(Collected data entries)

'''

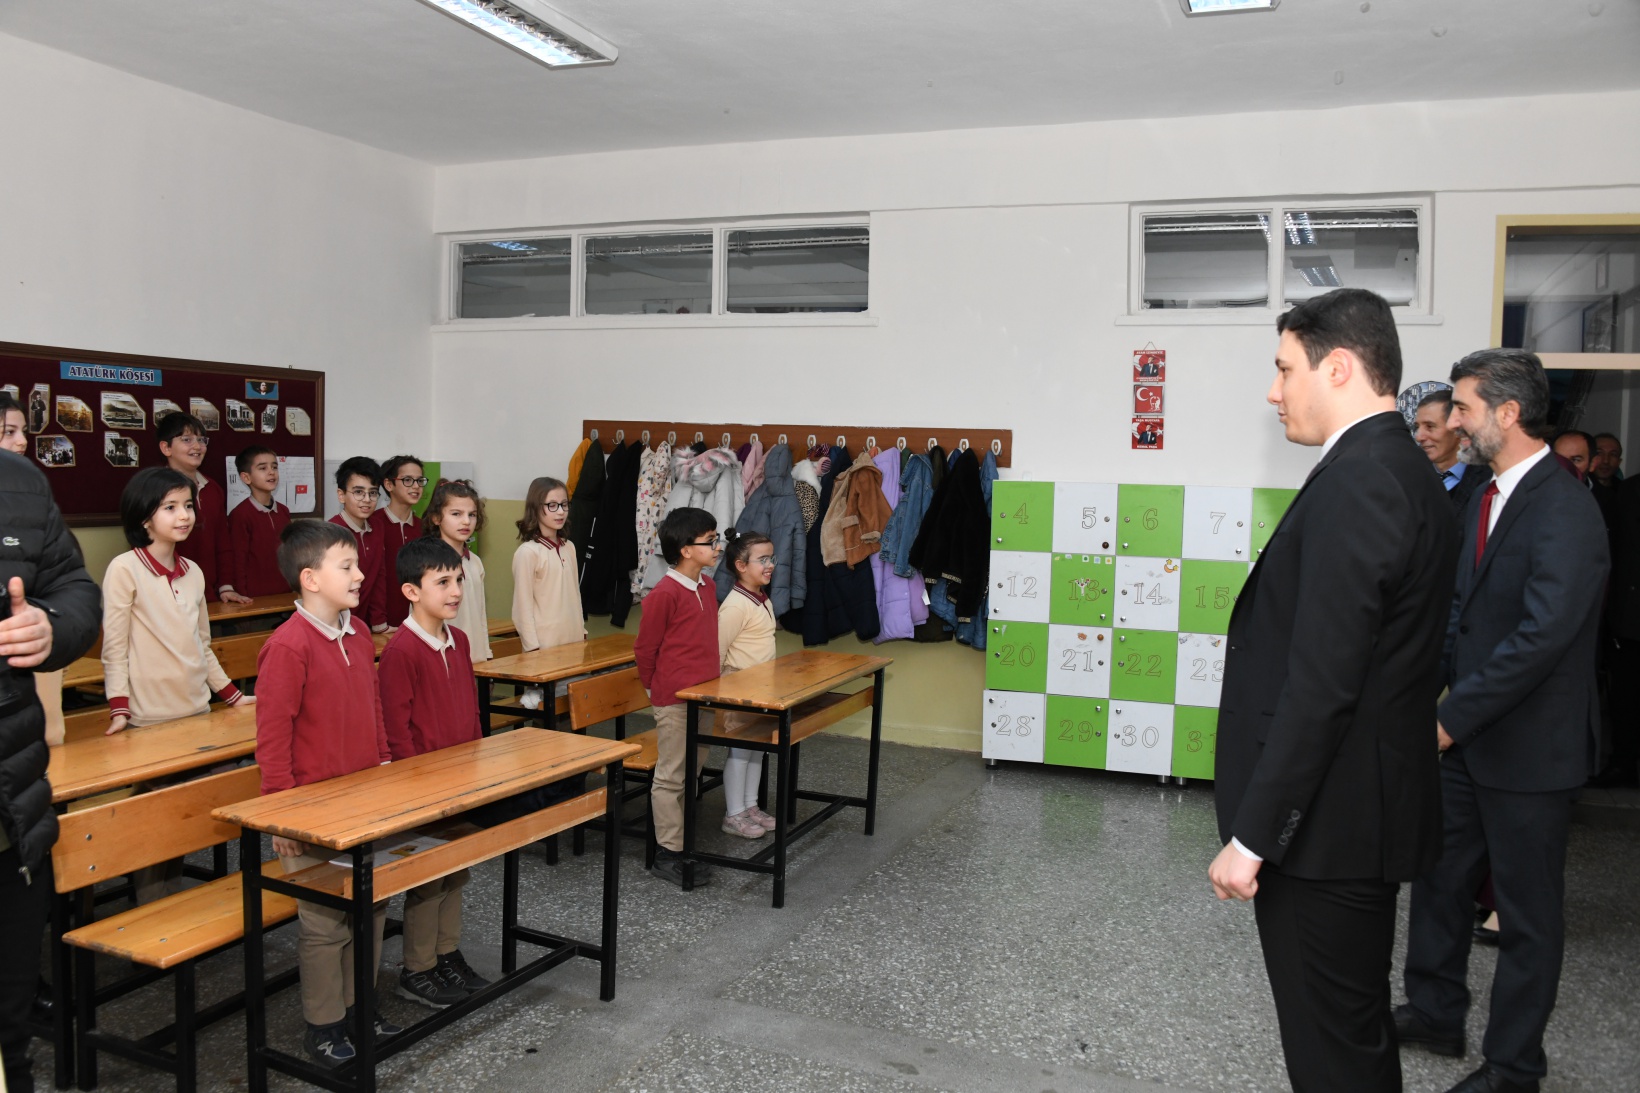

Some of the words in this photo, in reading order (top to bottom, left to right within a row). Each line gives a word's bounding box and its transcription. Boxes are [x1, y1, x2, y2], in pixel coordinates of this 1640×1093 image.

[69, 365, 117, 380] ATATÜRK
[119, 368, 155, 384] KÖŞESİ
[1013, 503, 1029, 524] 4
[1082, 507, 1096, 529] 5
[1142, 508, 1158, 530] 6
[1210, 512, 1226, 534] 7
[1007, 576, 1037, 598] 12
[1069, 579, 1100, 601] 13
[1134, 582, 1162, 605] 14
[1196, 586, 1229, 609] 15
[1000, 644, 1035, 667] 20
[1060, 649, 1093, 672] 21
[1126, 653, 1161, 677] 22
[1190, 658, 1224, 682] 23
[996, 714, 1031, 736] 28
[1058, 720, 1093, 742] 29
[1122, 725, 1159, 748] 30

'''

◆ Exercise description: The records above are to be repeated exactly, apart from their pictures.

◆ Written response:
Some of the words in this photo, in reading order (top to bottom, left to right within a row). Each line gives a word's bounding box and its transcription. Boxes are [x1, y1, x2, y2], in pixel coordinates of this 1640×1093 image.

[69, 365, 117, 380] ATATÜRK
[119, 368, 155, 384] KÖŞESİ
[1013, 503, 1029, 524] 4
[1082, 507, 1096, 529] 5
[1142, 508, 1158, 530] 6
[1210, 512, 1226, 534] 7
[1007, 576, 1037, 598] 12
[1069, 579, 1100, 601] 13
[1134, 582, 1162, 605] 14
[1196, 586, 1229, 609] 15
[1000, 644, 1035, 667] 20
[1060, 649, 1093, 672] 21
[1126, 653, 1161, 677] 22
[1190, 658, 1224, 682] 23
[996, 714, 1031, 736] 28
[1058, 720, 1093, 742] 29
[1122, 725, 1159, 748] 30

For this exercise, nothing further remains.